_TASK DETAILS_
Below is a set of records, and all of them should be retyped exactly, minus the pictures.

[Excerpts from a dataset]
━━━━━━━━━━━━━━━━

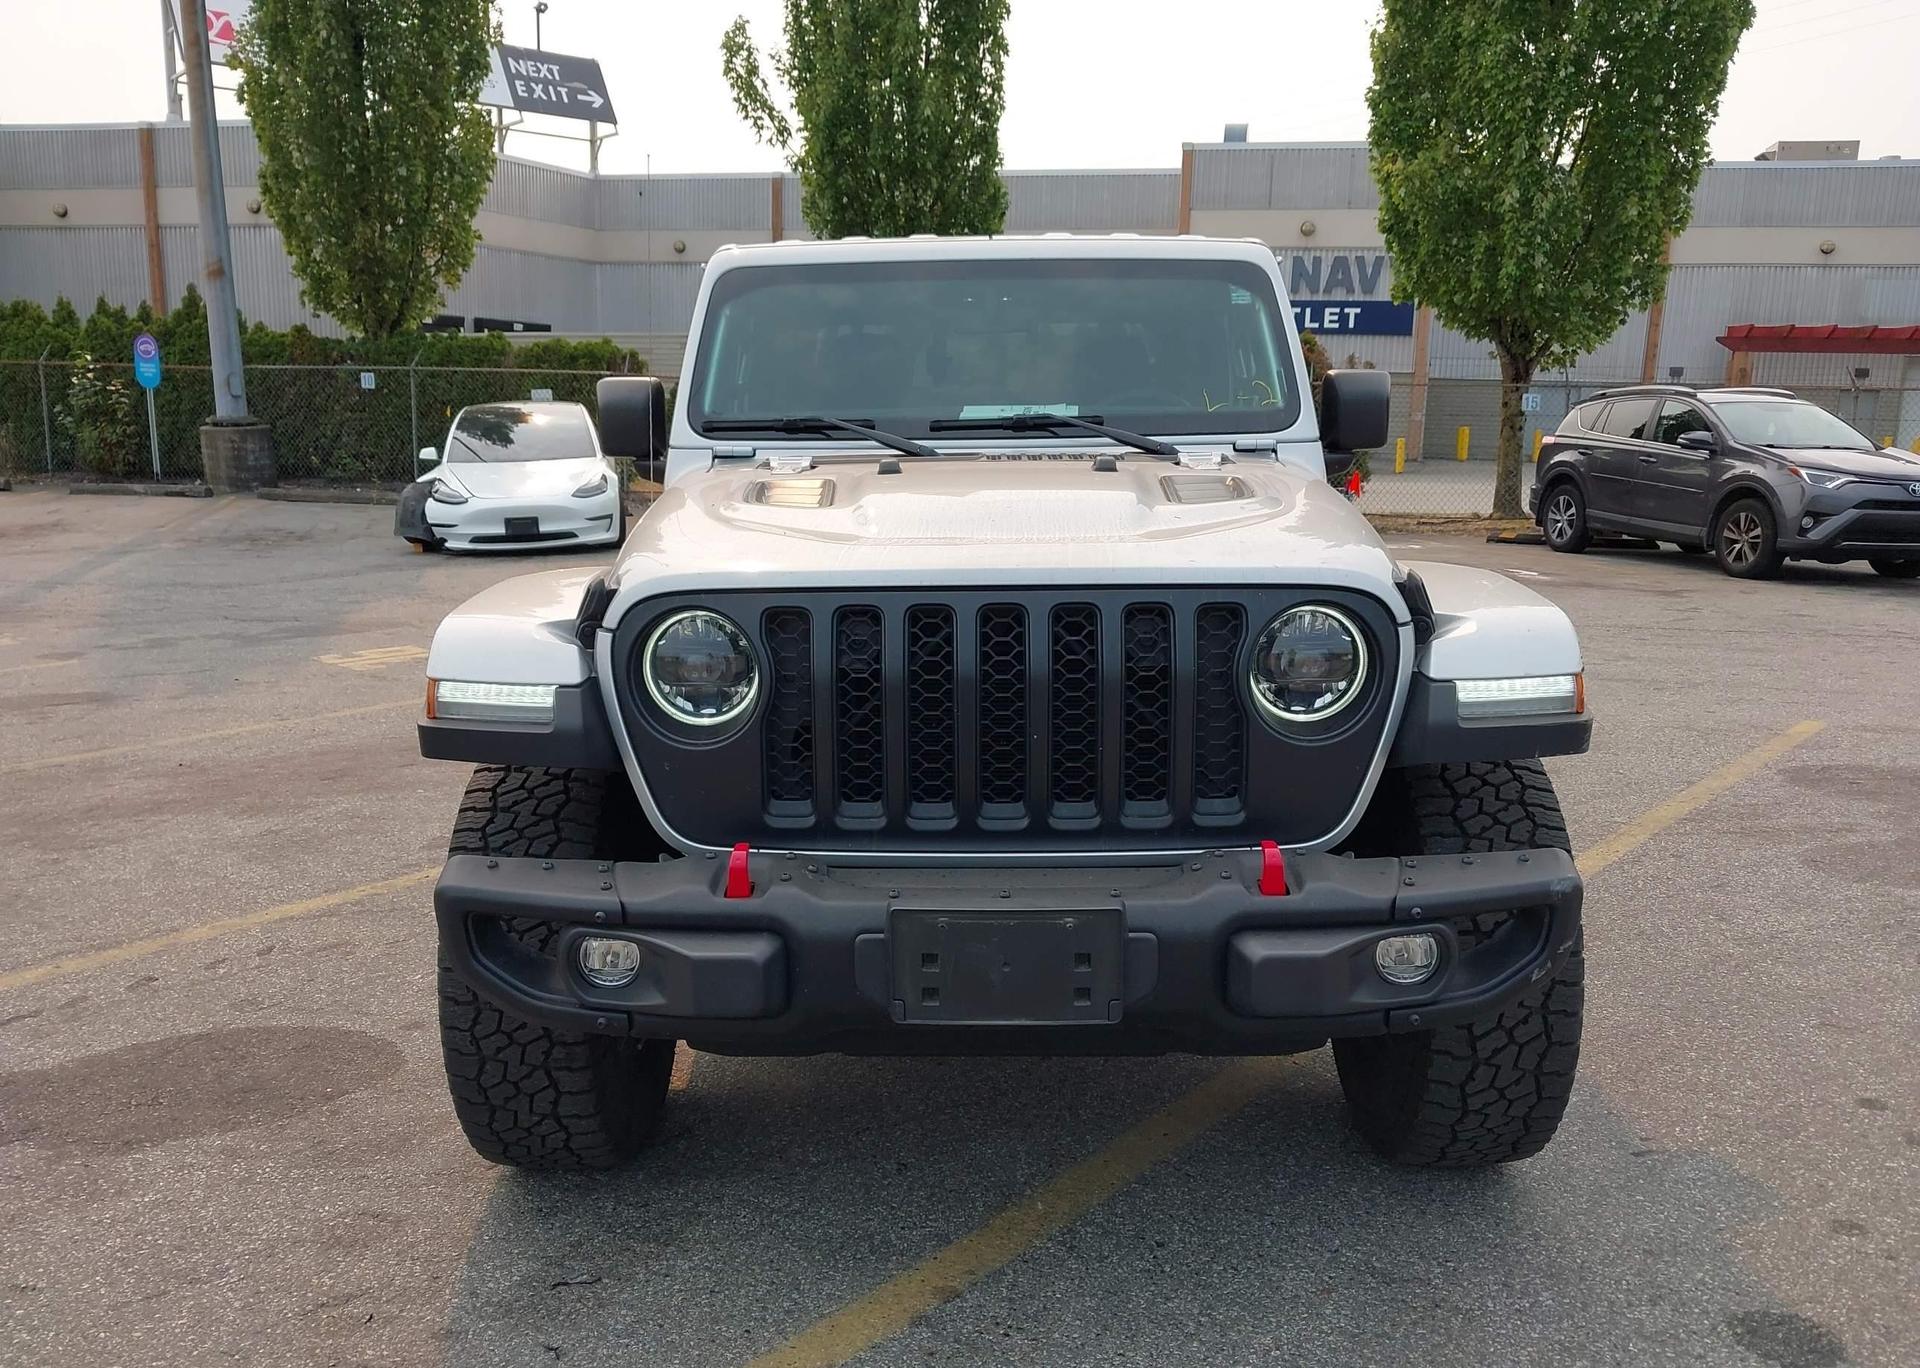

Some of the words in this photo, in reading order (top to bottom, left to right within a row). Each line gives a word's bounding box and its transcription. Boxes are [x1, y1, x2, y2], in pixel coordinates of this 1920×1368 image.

[507, 57, 560, 80] NEXT
[514, 80, 568, 103] EXIT
[1290, 255, 1393, 295] NAV
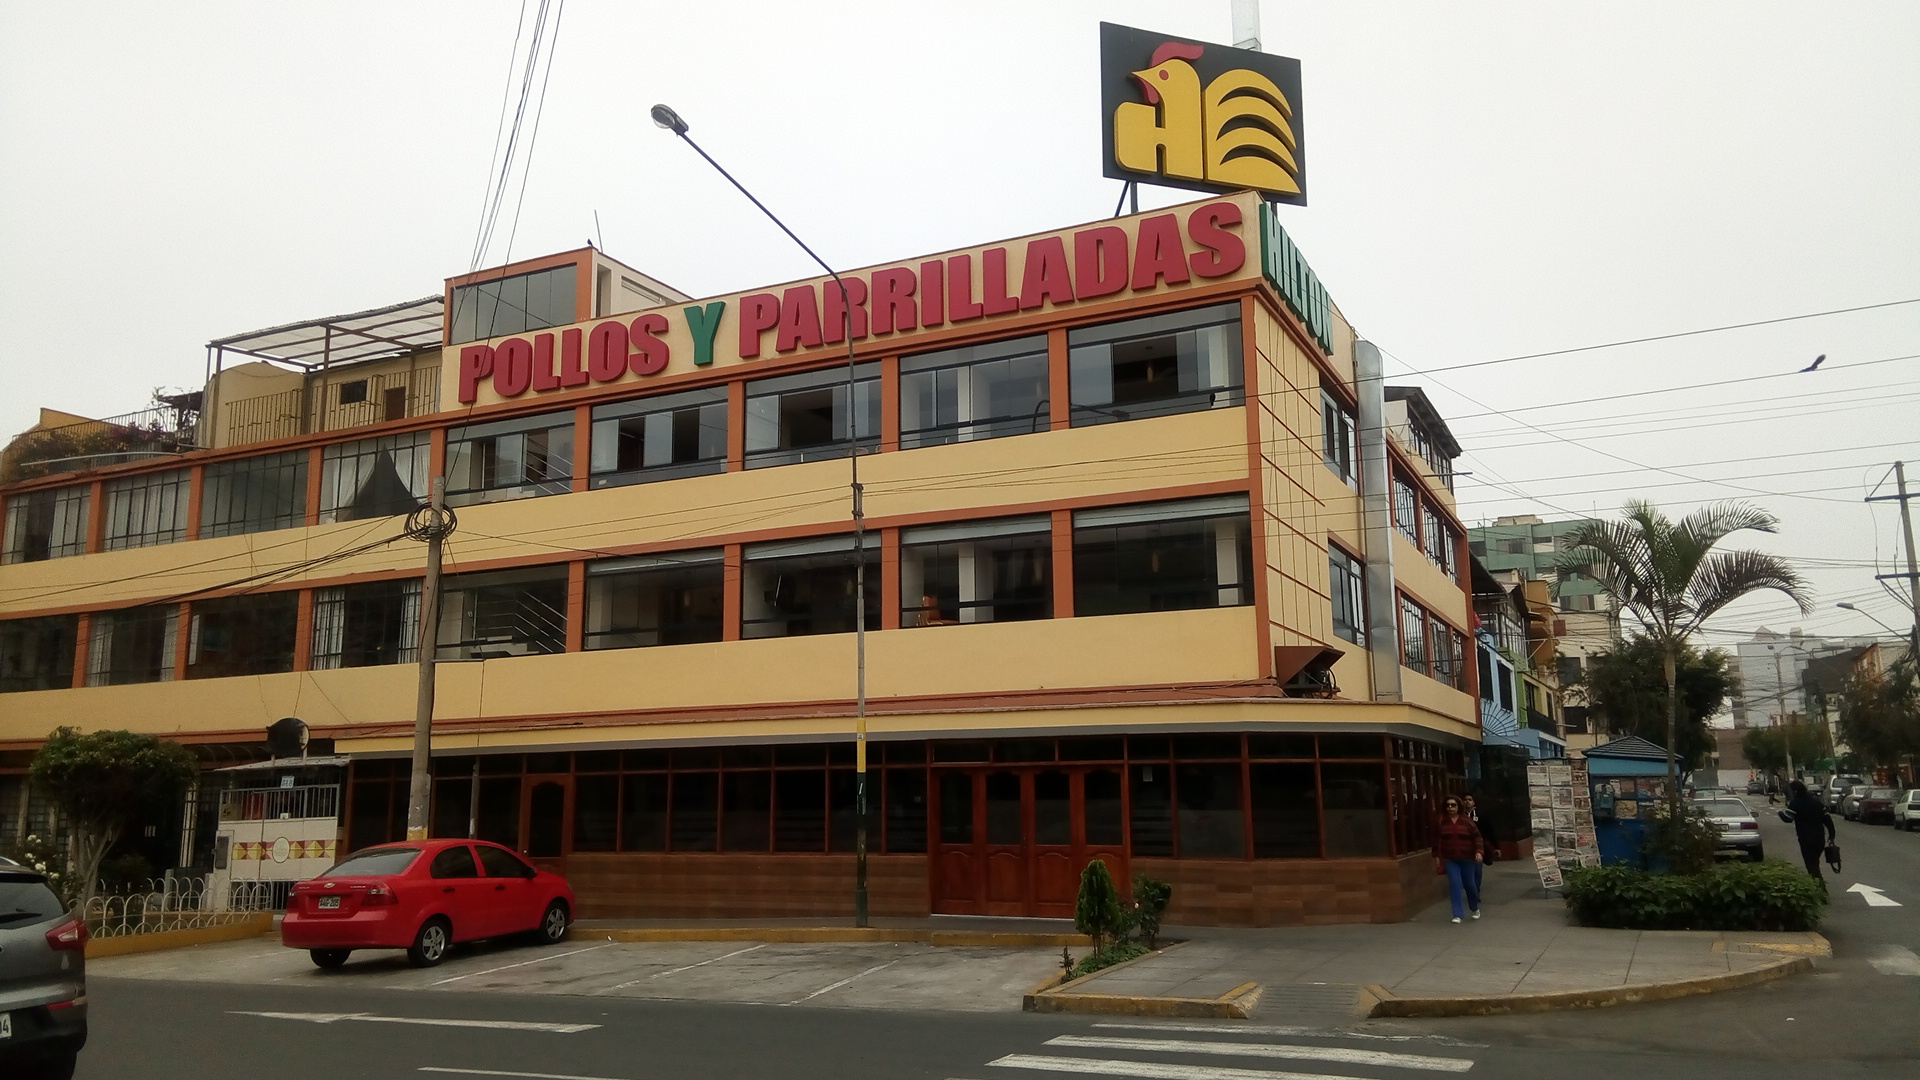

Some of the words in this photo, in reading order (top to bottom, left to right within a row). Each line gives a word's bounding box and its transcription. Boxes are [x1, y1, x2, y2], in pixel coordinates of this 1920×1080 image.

[458, 313, 670, 403] POLLOS
[684, 301, 726, 365] Y
[739, 202, 1246, 358] PARRILLADAS
[1259, 203, 1334, 356] HILTON
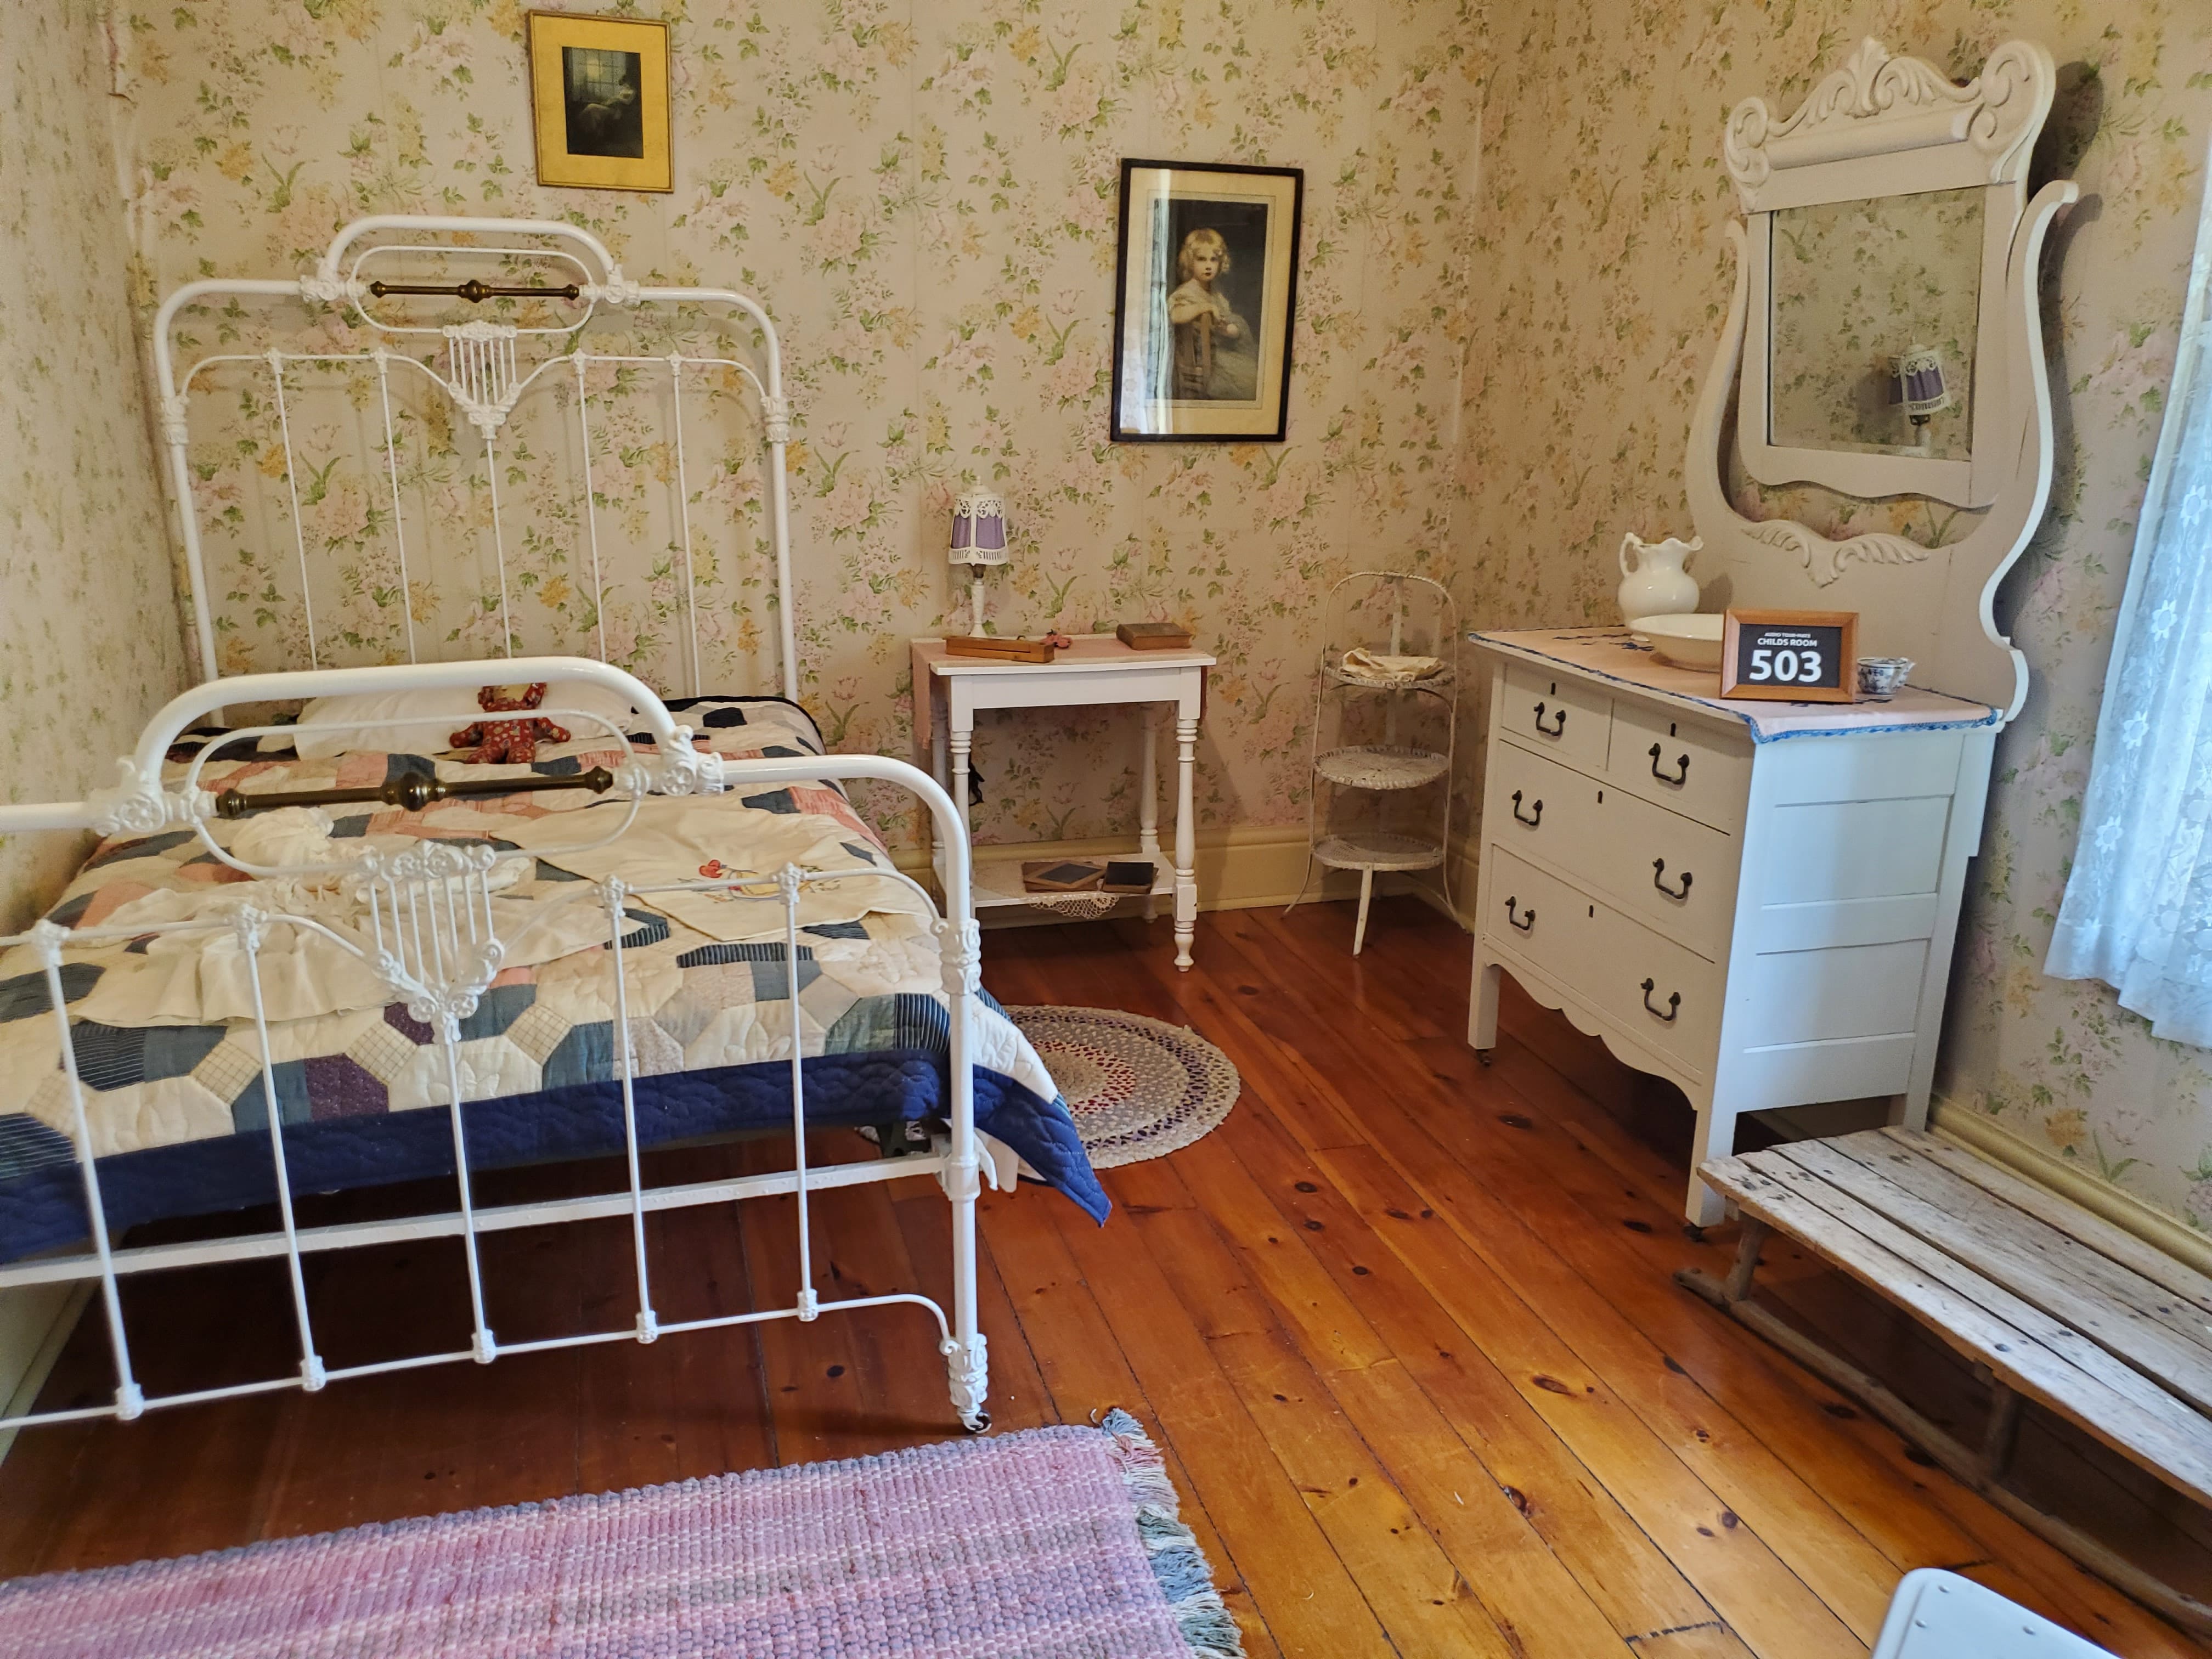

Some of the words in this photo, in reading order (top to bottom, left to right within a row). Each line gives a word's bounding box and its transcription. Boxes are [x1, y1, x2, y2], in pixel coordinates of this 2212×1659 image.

━━━━━━━━━━━━━━━━

_OUTPUT FOR THIS TASK_
Some of the words in this photo, in reading order (top to bottom, left to right within a row). Each line gives a word's bounding box and its transcription. Boxes are [x1, y1, x2, y2], in pixel coordinates of this 1920×1368 image.

[507, 57, 560, 80] NEXT
[514, 80, 568, 103] EXIT
[1290, 255, 1393, 295] NAV

Some of the words in this photo, in reading order (top to bottom, left to right within a row). Each line gives a word's bounding box and its transcription. Boxes are [x1, y1, x2, y2], in pixel coordinates of this 1920×1080 image.

[458, 313, 670, 403] POLLOS
[684, 301, 726, 365] Y
[739, 202, 1246, 358] PARRILLADAS
[1259, 203, 1334, 356] HILTON

Some of the words in this photo, in reading order (top to bottom, left to right within a row). Each line gives a word's bounding box and its transcription. Boxes are [x1, y1, x2, y2], in pixel coordinates of this 2212×1659 image.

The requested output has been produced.